I met up with Tay (the Regional Director for The One Club APAC ) when we found ourselves on a speaking gig together in the heart of the old Silk Road, Uzbekistan….thats a story for another blog post in itself :)

We ended up talking a lot about his new book published by Penguin, Collide. It’s essentially a masterclass in creative ideation, so I thought I’d share some of the highlights of our chat here with you.

Below is why you need to stop playing it safe and start seeking out collisions.

The Caveman Method

Innovation doesn't happen in a vacuum. It happens when you force two unrelated things together.

Tay said, a caveman didn't just stumble upon a spear. He took a stone, collided it with a stick, and suddenly he had a new tool. The Swiss Army Knife? A collision of a toolbox and a knife.

When you embrace tension, you find the "spark" that makes ideas stick.

When a Ring Becomes a Weapon

Tay shared a brilliant example from his own career. Tasked with a campaign against domestic violence, his team didn't go for a soft approach.

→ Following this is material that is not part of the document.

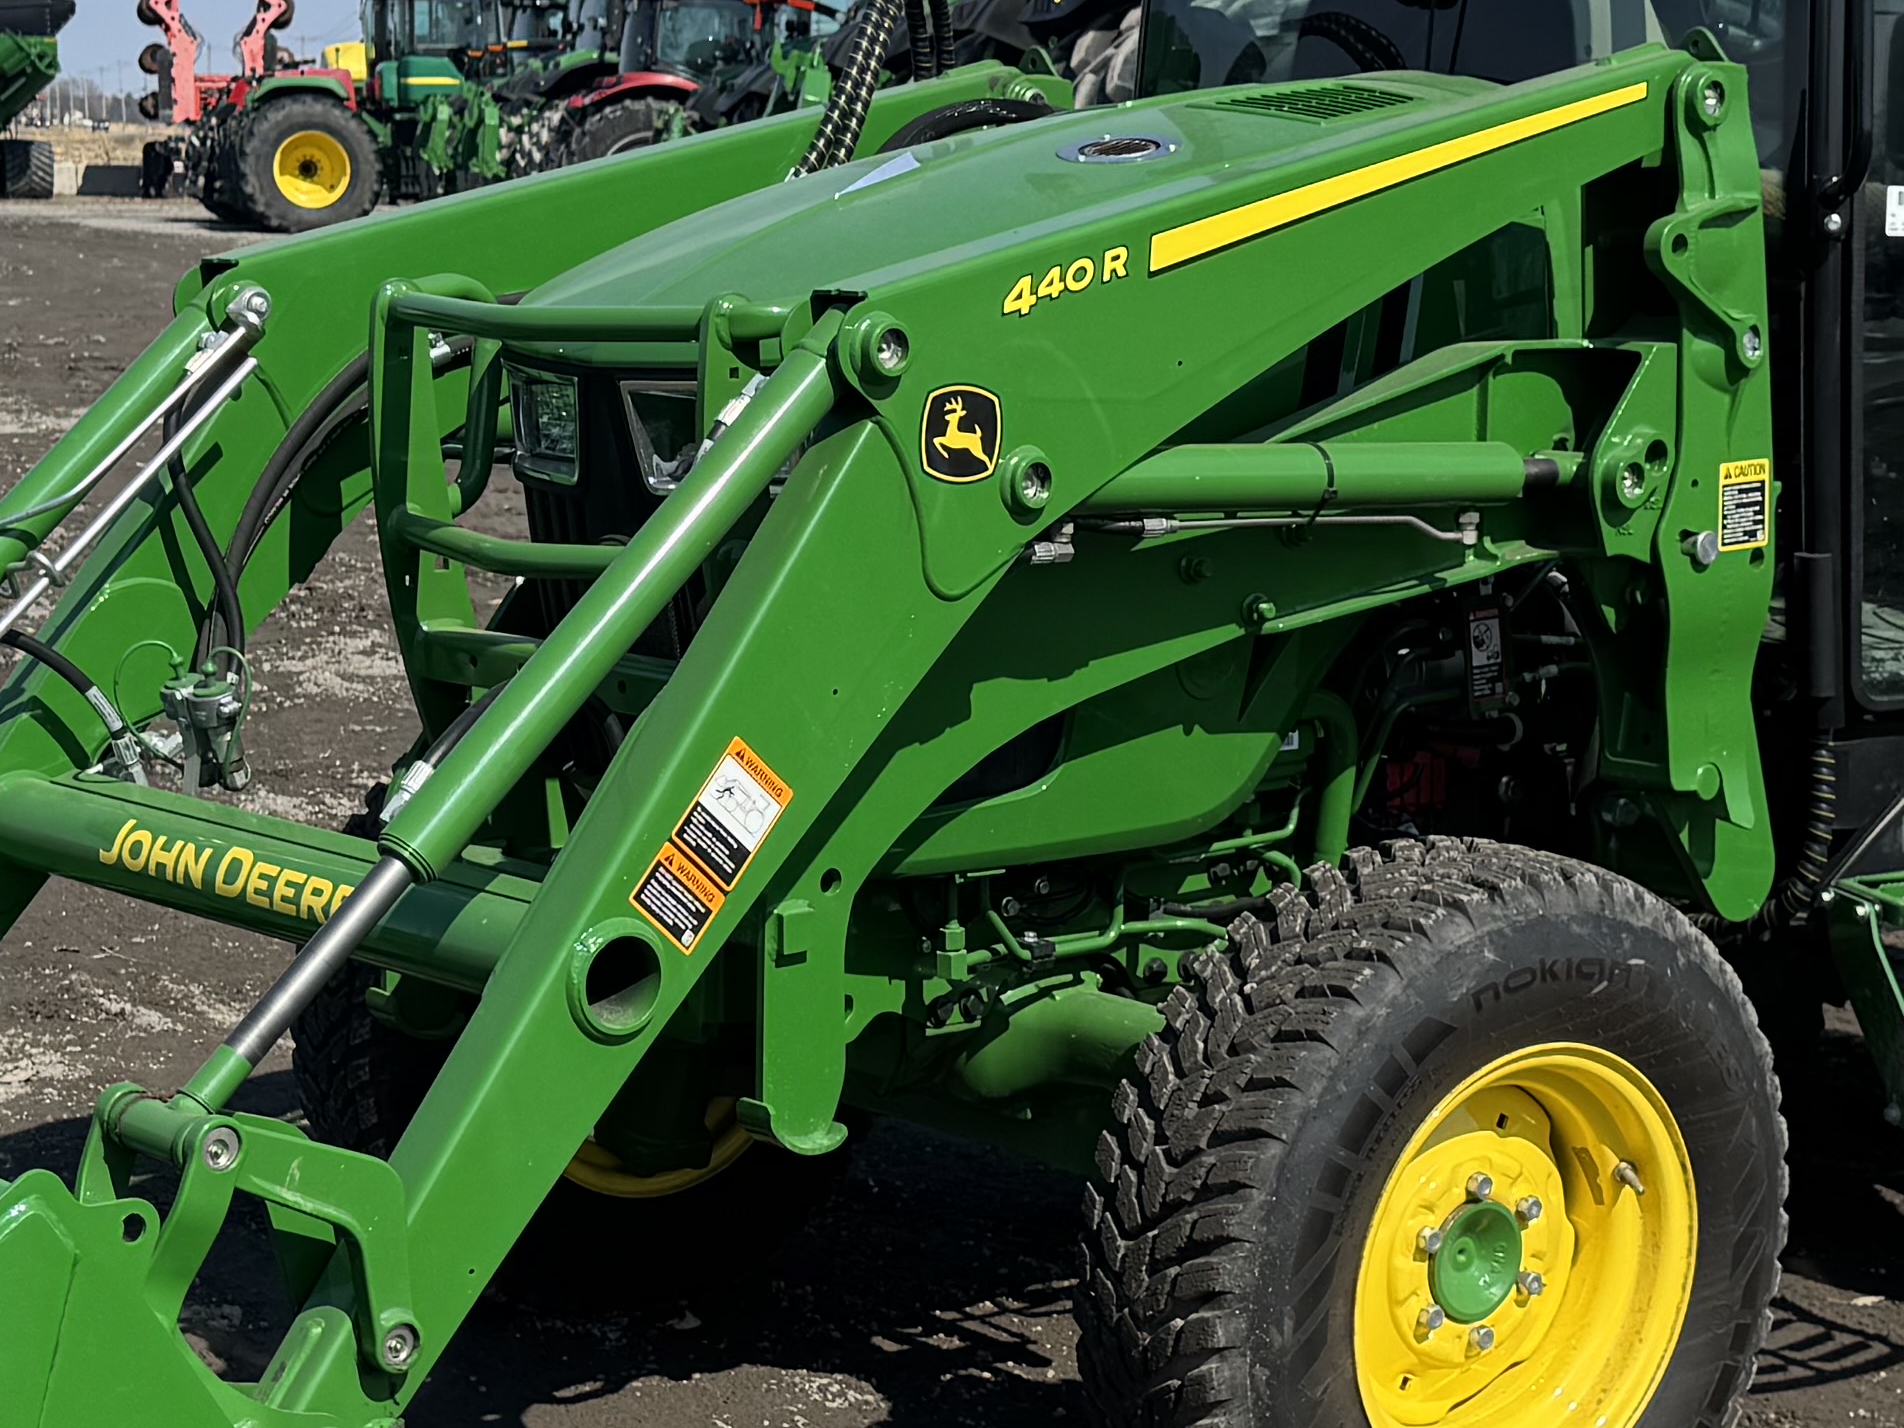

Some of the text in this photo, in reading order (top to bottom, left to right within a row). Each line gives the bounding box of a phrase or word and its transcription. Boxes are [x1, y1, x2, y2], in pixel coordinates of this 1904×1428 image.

They collided the ultimate symbol of love (the engagement ring) with a symbol of violence (the knuckle duster). The result was a diamond-studded brass knuckle sitting in a velvet engagement box. It was shocking, uncomfortable, and impossible to ignore.

The Super Soaker Accident

Sometimes a "failed" collision is just a brilliant invention in disguise.

Did you know the Super Soaker was a mistake?. A NASA engineer was actually trying to invent a heat pump. When it started leaking water across the room, he didn't see a broken pump; he saw the world's most powerful water pistol.

Tay said, "Every failure is always an opportunity to learn something.”

Why AI Can’t Replace You

With algorithms getting smarter every day, everyone is asking: Will I be replaced?.

Tay’s advice? Stop trying to be perfect. AI is great at being perfect, which is exactly why it feels "fake" and "cheap".

The human advantage is that we are "imperfectly beautiful". It’s our weirdness, our flaws, and our erratic thinking that make us authentic.

If you try to compete with AI on perfection, you lose. If you compete on humanity, you win.